INPUT DATA -
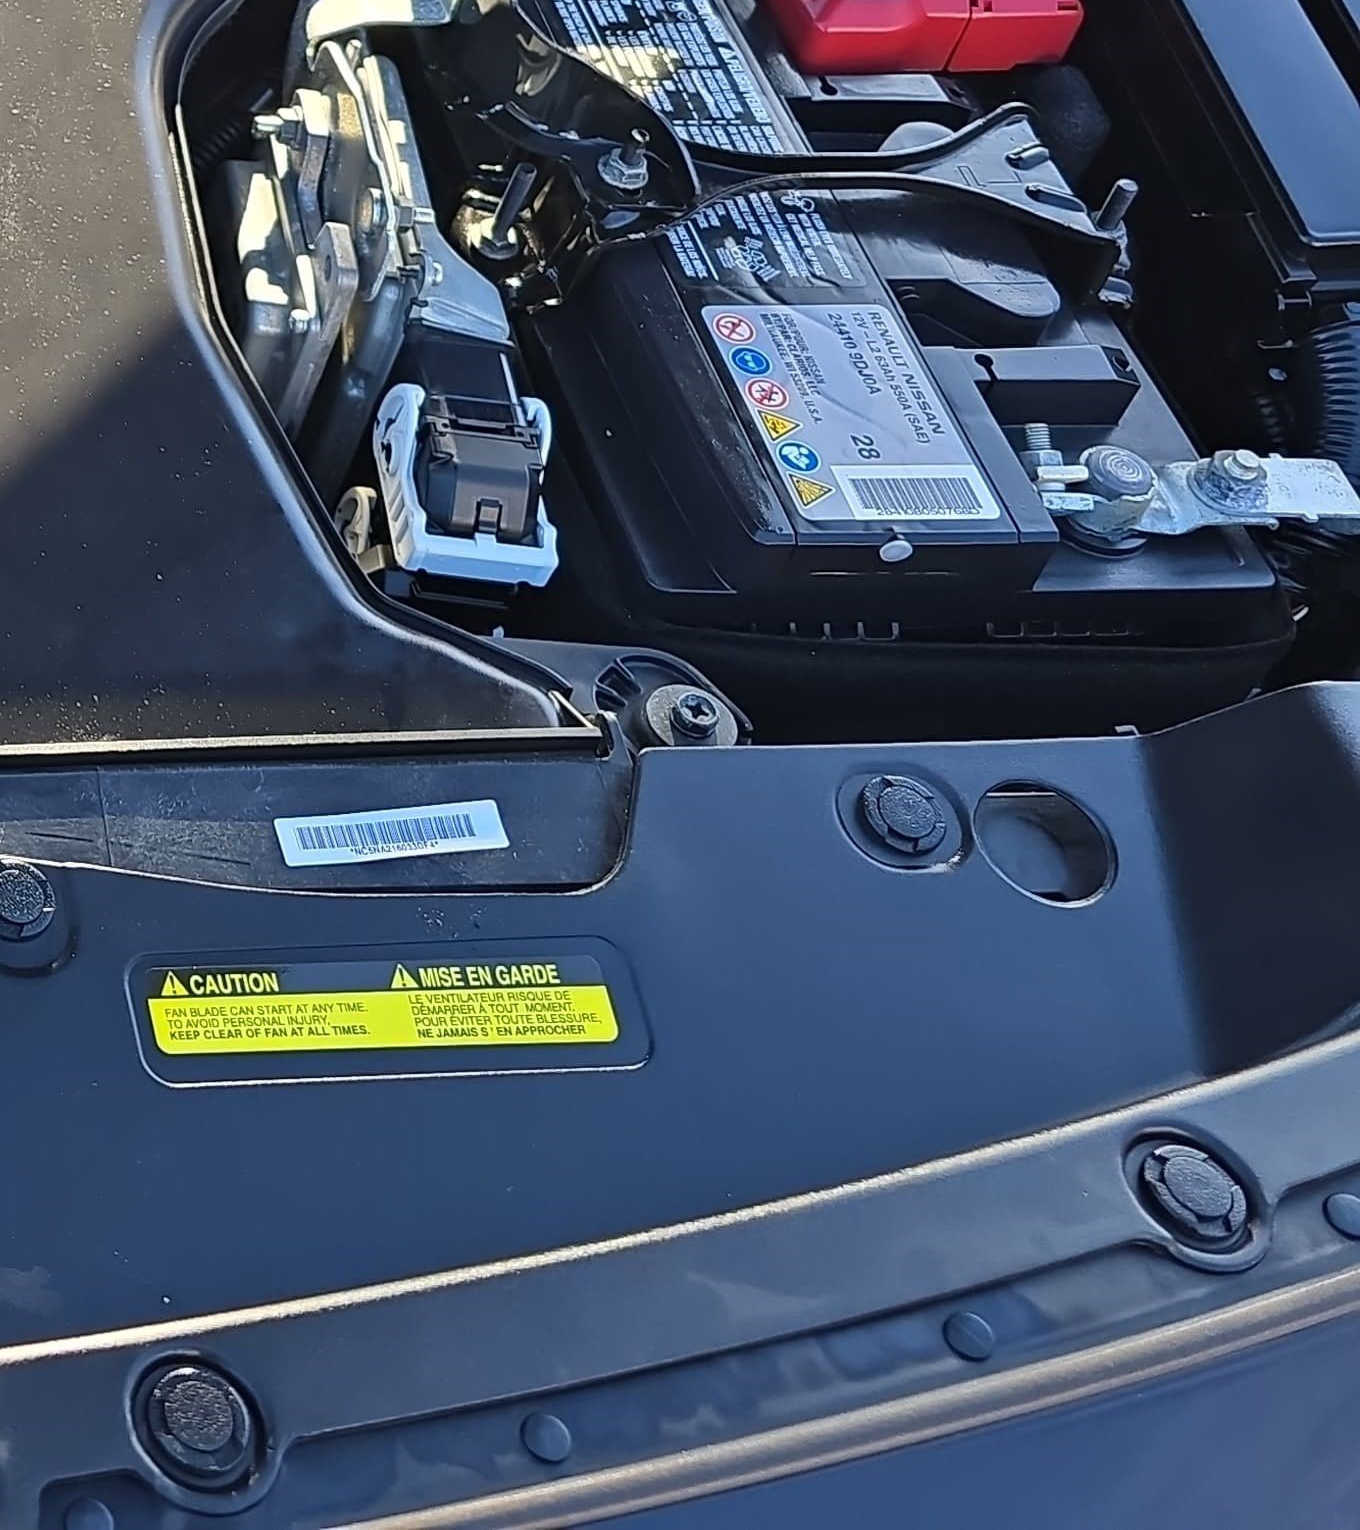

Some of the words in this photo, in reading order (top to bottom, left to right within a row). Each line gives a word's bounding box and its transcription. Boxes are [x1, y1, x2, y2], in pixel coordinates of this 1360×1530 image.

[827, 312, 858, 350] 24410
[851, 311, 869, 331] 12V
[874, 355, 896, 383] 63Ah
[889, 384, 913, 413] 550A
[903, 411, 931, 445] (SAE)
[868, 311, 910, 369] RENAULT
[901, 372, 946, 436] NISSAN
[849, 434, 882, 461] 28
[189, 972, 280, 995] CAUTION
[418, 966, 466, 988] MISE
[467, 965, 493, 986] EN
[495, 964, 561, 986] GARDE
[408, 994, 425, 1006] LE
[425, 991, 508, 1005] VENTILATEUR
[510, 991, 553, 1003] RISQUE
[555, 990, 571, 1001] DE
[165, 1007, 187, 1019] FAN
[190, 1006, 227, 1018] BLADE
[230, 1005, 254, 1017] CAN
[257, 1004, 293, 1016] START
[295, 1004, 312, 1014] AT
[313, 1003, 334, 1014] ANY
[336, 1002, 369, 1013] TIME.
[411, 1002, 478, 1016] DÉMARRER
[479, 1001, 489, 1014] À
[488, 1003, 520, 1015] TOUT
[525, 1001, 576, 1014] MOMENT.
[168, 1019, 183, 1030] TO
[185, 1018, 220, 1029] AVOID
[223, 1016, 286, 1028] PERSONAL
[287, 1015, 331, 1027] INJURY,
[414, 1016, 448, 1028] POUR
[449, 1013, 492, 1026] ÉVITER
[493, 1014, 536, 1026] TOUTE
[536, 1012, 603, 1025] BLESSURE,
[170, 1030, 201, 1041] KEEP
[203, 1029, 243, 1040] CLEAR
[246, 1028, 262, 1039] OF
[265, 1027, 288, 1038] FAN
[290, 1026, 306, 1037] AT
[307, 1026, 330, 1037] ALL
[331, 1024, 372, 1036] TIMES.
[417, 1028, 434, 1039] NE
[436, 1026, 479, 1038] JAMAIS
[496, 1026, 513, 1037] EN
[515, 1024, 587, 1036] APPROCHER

TASK ITEM - Could you reproduce all of the material exactly? Keep the pictures out of it.

RESULT OF THE TASK -
Some of the words in this photo, in reading order (top to bottom, left to right within a row). Each line gives a word's bounding box and its transcription. Boxes are [x1, y1, x2, y2], in pixel coordinates of this 1360×1530 image.

[827, 312, 858, 350] 24410
[851, 311, 869, 331] 12V
[874, 355, 896, 383] 63Ah
[889, 384, 913, 413] 550A
[903, 411, 931, 445] (SAE)
[868, 311, 910, 369] RENAULT
[901, 372, 946, 436] NISSAN
[849, 434, 882, 461] 28
[189, 972, 280, 995] CAUTION
[418, 966, 466, 988] MISE
[467, 965, 493, 986] EN
[495, 964, 561, 986] GARDE
[408, 994, 425, 1006] LE
[425, 991, 508, 1005] VENTILATEUR
[510, 991, 553, 1003] RISQUE
[555, 990, 571, 1001] DE
[165, 1007, 187, 1019] FAN
[190, 1006, 227, 1018] BLADE
[230, 1005, 254, 1017] CAN
[257, 1004, 293, 1016] START
[295, 1004, 312, 1014] AT
[313, 1003, 334, 1014] ANY
[336, 1002, 369, 1013] TIME.
[411, 1002, 478, 1016] DÉMARRER
[479, 1001, 489, 1014] À
[488, 1003, 520, 1015] TOUT
[525, 1001, 576, 1014] MOMENT.
[168, 1019, 183, 1030] TO
[185, 1018, 220, 1029] AVOID
[223, 1016, 286, 1028] PERSONAL
[287, 1015, 331, 1027] INJURY,
[414, 1016, 448, 1028] POUR
[449, 1013, 492, 1026] ÉVITER
[493, 1014, 536, 1026] TOUTE
[536, 1012, 603, 1025] BLESSURE,
[170, 1030, 201, 1041] KEEP
[203, 1029, 243, 1040] CLEAR
[246, 1028, 262, 1039] OF
[265, 1027, 288, 1038] FAN
[290, 1026, 306, 1037] AT
[307, 1026, 330, 1037] ALL
[331, 1024, 372, 1036] TIMES.
[417, 1028, 434, 1039] NE
[436, 1026, 479, 1038] JAMAIS
[496, 1026, 513, 1037] EN
[515, 1024, 587, 1036] APPROCHER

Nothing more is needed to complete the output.